Non è una provocazione. Bisognerebbe davvero chiedersi come celebrare una vergogna collettiva. Se debba essere gestita dai singoli privatamente o se invece debba trovare un momento pubblico in cui essere mostrata.

La domanda sorge nel momento in cui si legge che per celebrare la conclusione dei lavori del nuovo ponte  di Genova si terranno due concerti. La sera del 26 luglio l’orchestra del Carlo Felice suonerà in piazza De Ferrari un brano appositamente creato per ricordare la tragedia.

Il giorno dopo, un colosso delle costruzioni (Salini Impregilo, oggi Webuild) organizzerà l’evento clou. La società ha affittato l’orchestra di  Santa Cecilia e la farà suonare – il programma prevede Beethoven – a Genova (dove non si è ancora ben compreso) in diretta Rai.

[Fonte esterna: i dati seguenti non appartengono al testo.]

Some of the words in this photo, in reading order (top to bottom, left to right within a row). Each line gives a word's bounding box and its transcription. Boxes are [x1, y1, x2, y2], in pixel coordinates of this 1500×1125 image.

E’ forse bene ricordare che il legittimo orgoglio istituzionale per il nuovo viadotto nasce da uno dei più incredibili e tragici fallimenti del nostro sistema. Nasce, non può essere diversamente, se non da precise colpe, dall’incapacità di controllare, monitorare e intervenire in tempo utile, di un’intera comunità composta da: politici, amministratori, rappresentanti delle istituzioni, concessionari, industriali, manager, professori universitari, economisti, ingegneri, geometri, ordini professionali, associazioni di categoria.

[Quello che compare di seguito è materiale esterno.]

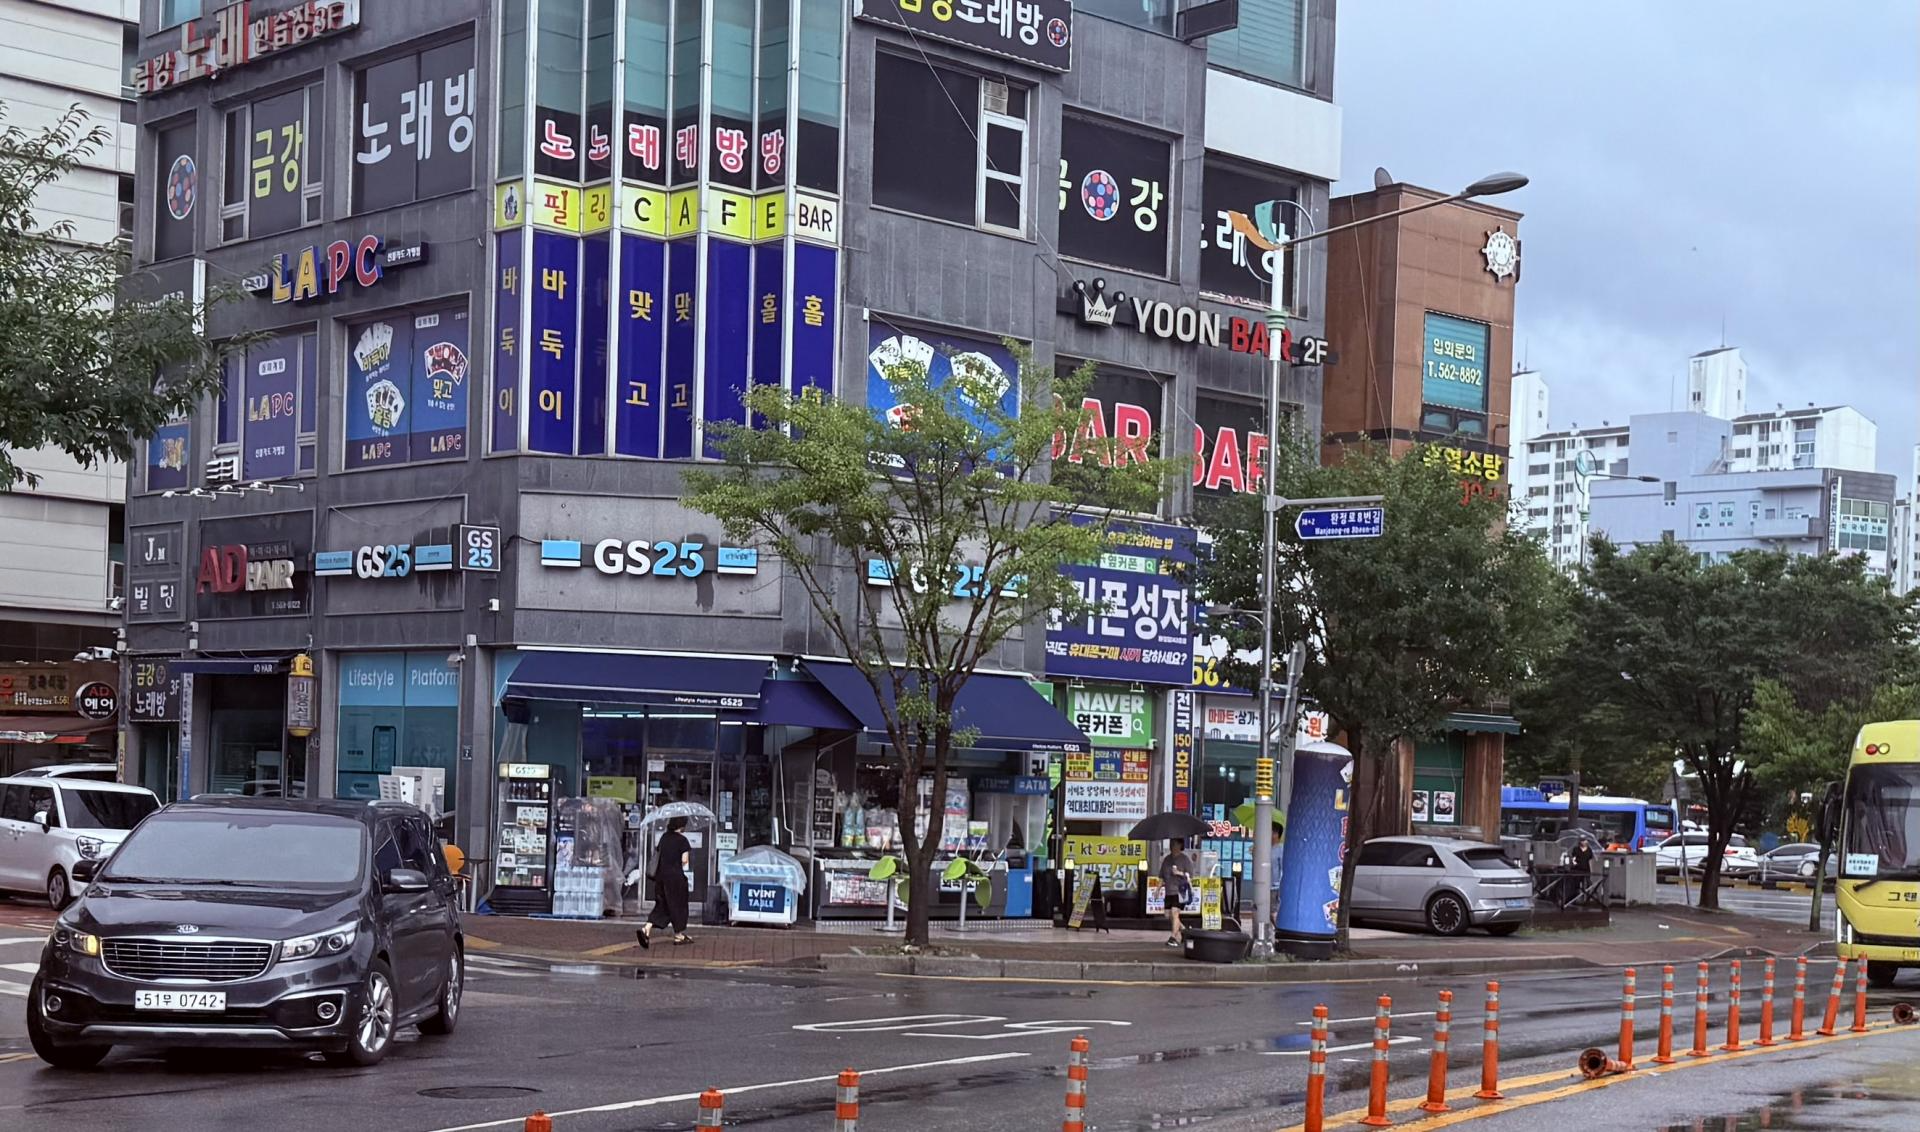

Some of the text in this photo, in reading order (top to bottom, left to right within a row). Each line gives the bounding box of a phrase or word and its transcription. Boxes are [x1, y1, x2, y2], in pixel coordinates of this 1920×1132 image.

[131, 50, 177, 94] 금강
[252, 120, 303, 198] 금강
[798, 203, 833, 233] BAR
[538, 267, 568, 421] 바둑이
[1132, 297, 1329, 365] YOON BAR 2F
[625, 288, 654, 408] 맞고
[671, 291, 692, 408] 맞고
[467, 530, 493, 548] GS
[196, 544, 295, 594] AD HAIR
[356, 544, 411, 579] GS25
[468, 549, 493, 568] 25
[593, 538, 705, 578] GS25
[136, 663, 155, 687] 금강
[348, 667, 395, 692] Lifestyle
[135, 691, 167, 718] 노래방
[720, 697, 743, 708] GS25
[1074, 691, 1145, 715] NAVER
[748, 889, 776, 898] EVENT
[749, 898, 774, 909] TABLE
[179, 994, 217, 1008] 0742

Qui non si tratta della responsabilità delle persone –  quelle ci deve pensare la magistratura a individuarle – piuttosto di responsabilità collettiva. Di tutta l’Italia, non di Genova. E sarebbe doveroso che questa comunità si vergognasse pubblicamente ed esibisse finalmente un sentimento che, forse, più che nascosto, è davvero sconosciuto a molti.